That will be an illegitimate key that will eventually get blacklisted by Microsoft, usually after a motherboard change. No matter what the sites tell you, they are not legit.

Strange, as I upgraded my whole system with one of those keys. Well for the cost just buy one each mobo change. Eventually get blacklisted...........I haven't heard of anyone doing so as yet.
 
Anyone else using a 3900X with a Gigabyte X370 board? I'm having issues trying to get it stable with my K7 board but no matter what I do, it randomly restarts after a short while, whether on idle or load. Even did a fresh install of Windows and cleared CMOS to reset BIOS with the bare minimum hardware but still the same thing. This is with the latest F50a BIOS based on 1.0.0.4 B. Temps are fine on both CPU and VRM so no idea what's causing it. Placing my 1600X back in and it's rock solid stable.

I've seen people even running the 3950X without issues on the same board so I'm completely baffled on what's causing the restarts.
 
Strange, as I upgraded my whole system with one of those keys. Well for the cost just buy one each mobo change. Eventually get blacklisted...........I haven't heard of anyone doing so as yet.

Yep, never had an issue on any PC in over 10 years. currently running 3 PCs in office with cheap keys (OEM is my understanding), my current rig is using the same one I had on a totally different build. Never heard of anyone else having issues either. In fact I doubt sites like Guru3d would advertise these cheap keys if there were known issues.
 
using Balanced power plan may help with high idle temps. Also many Zen2 users are reporting high idle, which is a monitoring software side being incompatible with quick boost algorithm.


Single thread load spiking to 80 seems about right to me.
Are you certain that shutdown on full load is caused by temperature? It feels like VRM/power delivery thing.

If you have time, experiment in prime95 gradually increasing number of workers. See how temperatures and power consumption (in hwinfo) change. See if you hit the limit on either

Well I did see it hit the 95C limit in Ryzen Master a split second before it powered off so I assumed it was a thermal shutdown.

I've tried reducing the VCORE down ... anything under 1.35V it doesn't boot at .. if I leave it at auto it's over 1.5

Will try Prime 95 again and work my way up, see what the results are like. And I got my model of heatsink mixed up in my head - it's actually a Noctua NH-U12S.

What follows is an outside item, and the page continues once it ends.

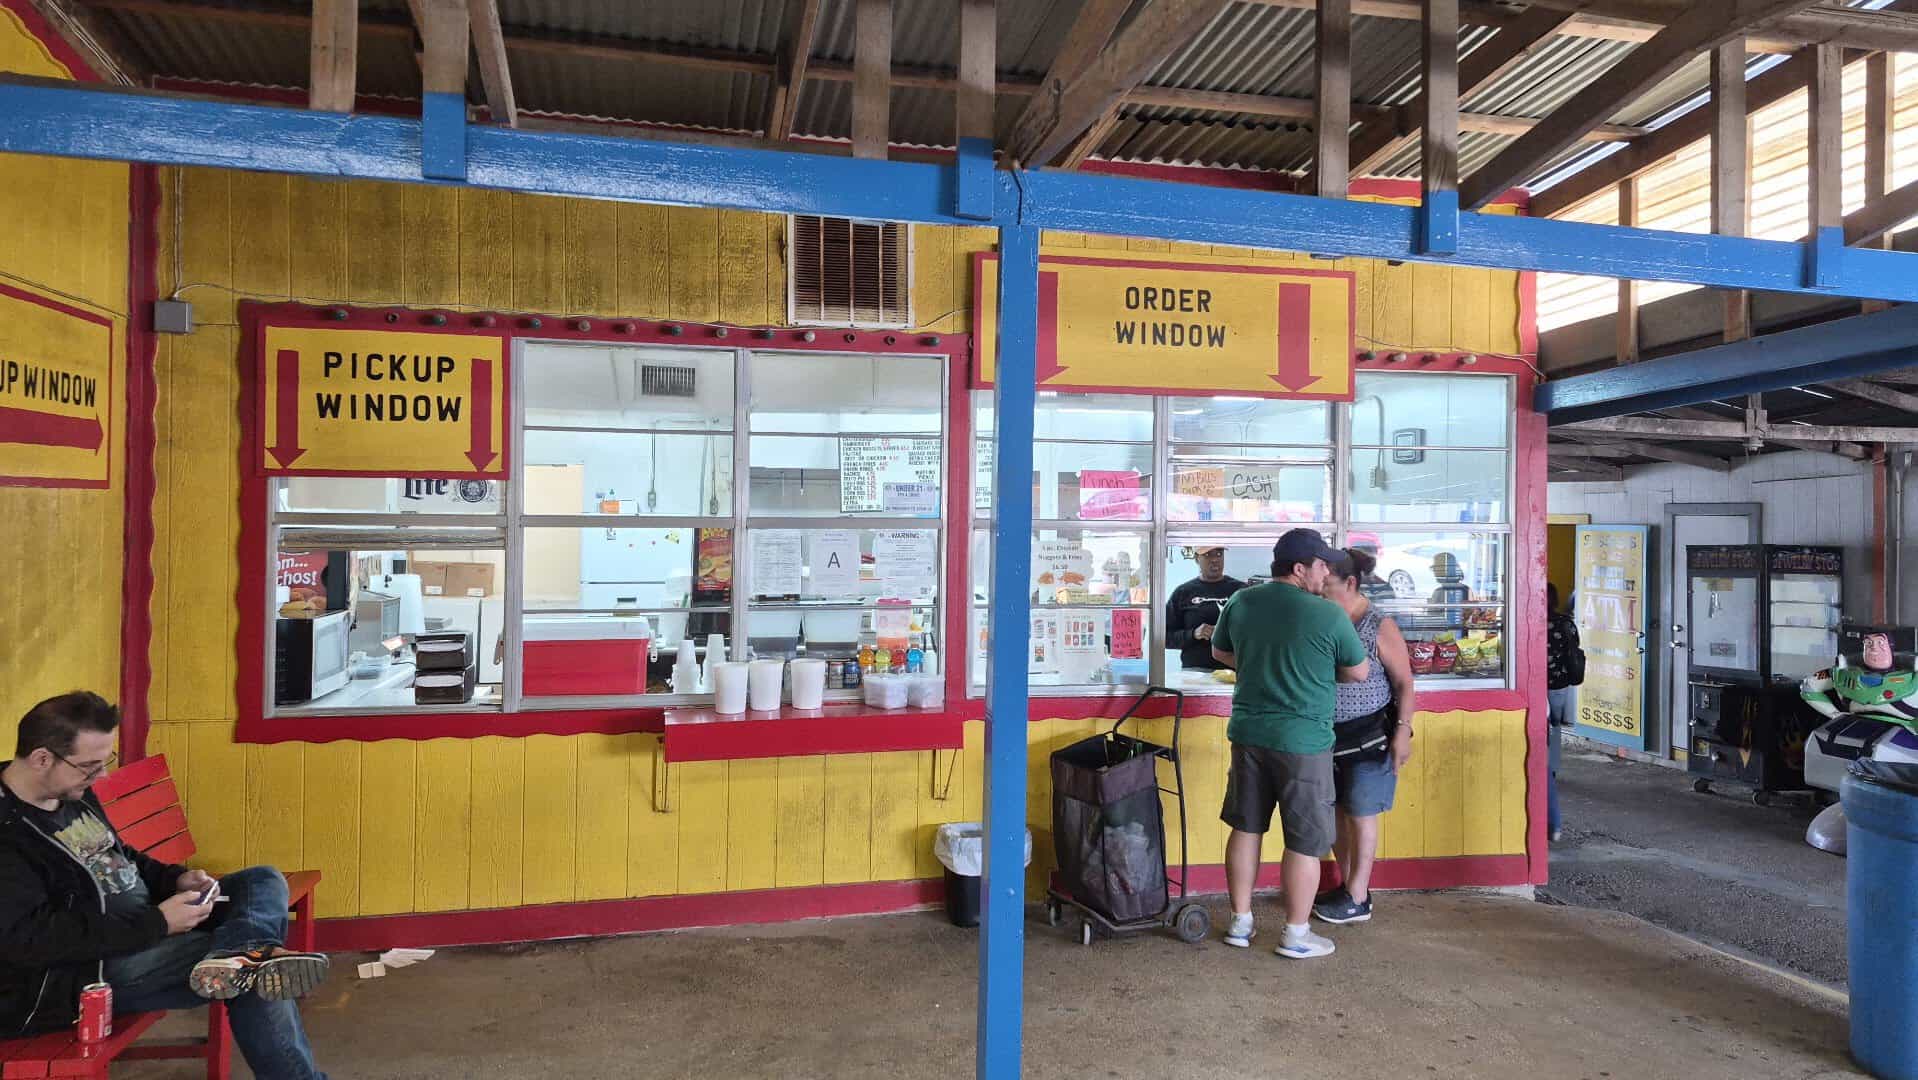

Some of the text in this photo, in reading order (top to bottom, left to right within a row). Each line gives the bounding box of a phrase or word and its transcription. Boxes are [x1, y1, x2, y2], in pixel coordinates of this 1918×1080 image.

For some reason I need to uninstall / reinstall Ryzen Master after every reboot which is a bit annoying, as temps reported by other programs don't seem to be accurate.
 
Saying that I am now informed how they work.

MSI has been amazing. I wouldn't touch ASUS from previous experiences and I actually found Asrock to be better even though I'm sure they own them.

MSI only for me now. I thought they were bad because they don't have as many updates but they tend to do 1 update and do it right unless it's a beta BIOS use at your own risk.
Unless they sell you a board with a dead CPU socket. :(
Swapped for ASUS. Not an issue since.
 
Well I did see it hit the 95C limit in Ryzen Master a split second before it powered off so I assumed it was a thermal shutdown.

I've tried reducing the VCORE down ... anything under 1.35V it doesn't boot at .. if I leave it at auto it's over 1.5

Will try Prime 95 again and work my way up, see what the results are like. And I got my model of heatsink mixed up in my head - it's actually a Noctua NH-U12S.

For some reason I need to uninstall / reinstall Ryzen Master after every reboot which is a bit annoying, as temps reported by other programs don't seem to be accurate.

Yah, 1.35v is kinda low. Try 1.4v. Buildziod did a review on the mosfets of that board around the 9:50 mark.

https://www.youtube.com/watch?v=9t6LP9glKmc
 
Well I did see it hit the 95C limit in Ryzen Master a split second before it powered off so I assumed it was a thermal shutdown.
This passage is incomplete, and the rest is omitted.